She couldn't stop shaking. Dakota slumped against the rough brick wall, wanting to lie down, maybe even on the ground, anything anything to make this feeling go away. Her face was wet with sweat, but as she scrunched her eyes shut, she realised she was crying. Dakota shuddered violently, bringing her fingers to smear her face, feeling the cold air congeal the sweat and tears like old grease. She felt disgusting. She'd give a limb to be somewhere warm and safe, where there was a hot bath and a soft bed.
"Get it together, get it together," she chanted under her breath. God, why couldn't she stop shaking?
It could have been hours or minutes, but soon Dakota was aware of a warm body beside hers. She looked down through her fingers, the wet nose of Sasha catching the stuttering bare light bulb above the doorway to the underground club. The poocheyena huffed at her shins through her threadbare jeans.

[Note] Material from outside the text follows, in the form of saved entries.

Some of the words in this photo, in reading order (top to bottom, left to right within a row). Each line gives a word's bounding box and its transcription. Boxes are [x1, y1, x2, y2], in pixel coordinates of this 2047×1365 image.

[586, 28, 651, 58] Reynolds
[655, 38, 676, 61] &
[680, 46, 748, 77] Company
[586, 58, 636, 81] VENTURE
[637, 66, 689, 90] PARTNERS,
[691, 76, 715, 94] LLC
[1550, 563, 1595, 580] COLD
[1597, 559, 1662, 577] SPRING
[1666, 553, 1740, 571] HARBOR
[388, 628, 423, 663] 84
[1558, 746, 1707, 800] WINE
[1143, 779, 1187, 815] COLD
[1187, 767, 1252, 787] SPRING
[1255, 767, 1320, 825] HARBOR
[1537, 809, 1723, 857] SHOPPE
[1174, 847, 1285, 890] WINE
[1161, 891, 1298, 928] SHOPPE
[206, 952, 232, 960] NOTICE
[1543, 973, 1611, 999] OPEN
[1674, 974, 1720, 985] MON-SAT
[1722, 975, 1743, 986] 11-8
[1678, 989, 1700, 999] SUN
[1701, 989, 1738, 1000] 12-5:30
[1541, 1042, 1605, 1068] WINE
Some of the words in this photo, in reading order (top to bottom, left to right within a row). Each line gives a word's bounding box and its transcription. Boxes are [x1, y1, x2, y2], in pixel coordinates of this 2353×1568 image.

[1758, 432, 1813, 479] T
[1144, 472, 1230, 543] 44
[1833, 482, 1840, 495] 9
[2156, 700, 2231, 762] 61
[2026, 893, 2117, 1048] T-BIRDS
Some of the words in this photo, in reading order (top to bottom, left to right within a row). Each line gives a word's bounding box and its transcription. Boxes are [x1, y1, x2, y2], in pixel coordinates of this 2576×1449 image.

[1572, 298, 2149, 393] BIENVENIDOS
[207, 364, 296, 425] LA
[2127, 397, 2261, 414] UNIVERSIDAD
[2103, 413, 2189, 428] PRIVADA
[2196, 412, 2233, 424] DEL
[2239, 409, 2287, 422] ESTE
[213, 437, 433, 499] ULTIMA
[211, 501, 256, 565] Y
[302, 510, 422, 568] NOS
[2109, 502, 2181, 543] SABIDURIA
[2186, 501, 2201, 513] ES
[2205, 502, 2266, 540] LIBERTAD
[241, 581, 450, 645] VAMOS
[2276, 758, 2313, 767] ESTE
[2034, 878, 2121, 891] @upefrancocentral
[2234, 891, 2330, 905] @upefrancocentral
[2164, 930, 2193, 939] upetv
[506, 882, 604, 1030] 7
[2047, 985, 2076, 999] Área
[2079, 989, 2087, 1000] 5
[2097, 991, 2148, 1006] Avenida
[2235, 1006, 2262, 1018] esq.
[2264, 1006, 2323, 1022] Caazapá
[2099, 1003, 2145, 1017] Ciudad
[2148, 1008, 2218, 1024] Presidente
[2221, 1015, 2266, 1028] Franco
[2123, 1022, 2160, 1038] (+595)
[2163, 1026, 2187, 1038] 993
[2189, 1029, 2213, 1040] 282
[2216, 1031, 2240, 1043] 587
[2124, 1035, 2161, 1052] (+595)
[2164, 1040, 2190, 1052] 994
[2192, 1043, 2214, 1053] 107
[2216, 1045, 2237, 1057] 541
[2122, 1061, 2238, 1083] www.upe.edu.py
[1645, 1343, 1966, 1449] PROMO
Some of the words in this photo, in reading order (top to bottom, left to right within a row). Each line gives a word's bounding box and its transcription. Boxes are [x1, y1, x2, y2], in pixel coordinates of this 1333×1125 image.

Dakota gave a mighty sniff and rubbed her face hard with the cuff of her jacket. Tilting her head back to stare at the sliver of sky between the buildings, Dakota let her mind blank.
"Okay."
She rubbed her face one more time, then bent down and scratched Sasha roughly behind the ears. "You did good," she told her pokémon, the poocheyena's tail wagging lethargically at the attention, her muzzle still damp with the nincada's insides. "Let's go."
Together, trainer and pokémon made their way to the mouth of the alley. They paused, teetering on the edge between shadow and orange streetlight. The main road was relatively deserted. A nightclub on the other side of the street was churning out some drunks, the girls laughing hysterically, breasts flopping and dresses hiking up thighs. Dakota averted her gaze, though in the next instant, stopped dead.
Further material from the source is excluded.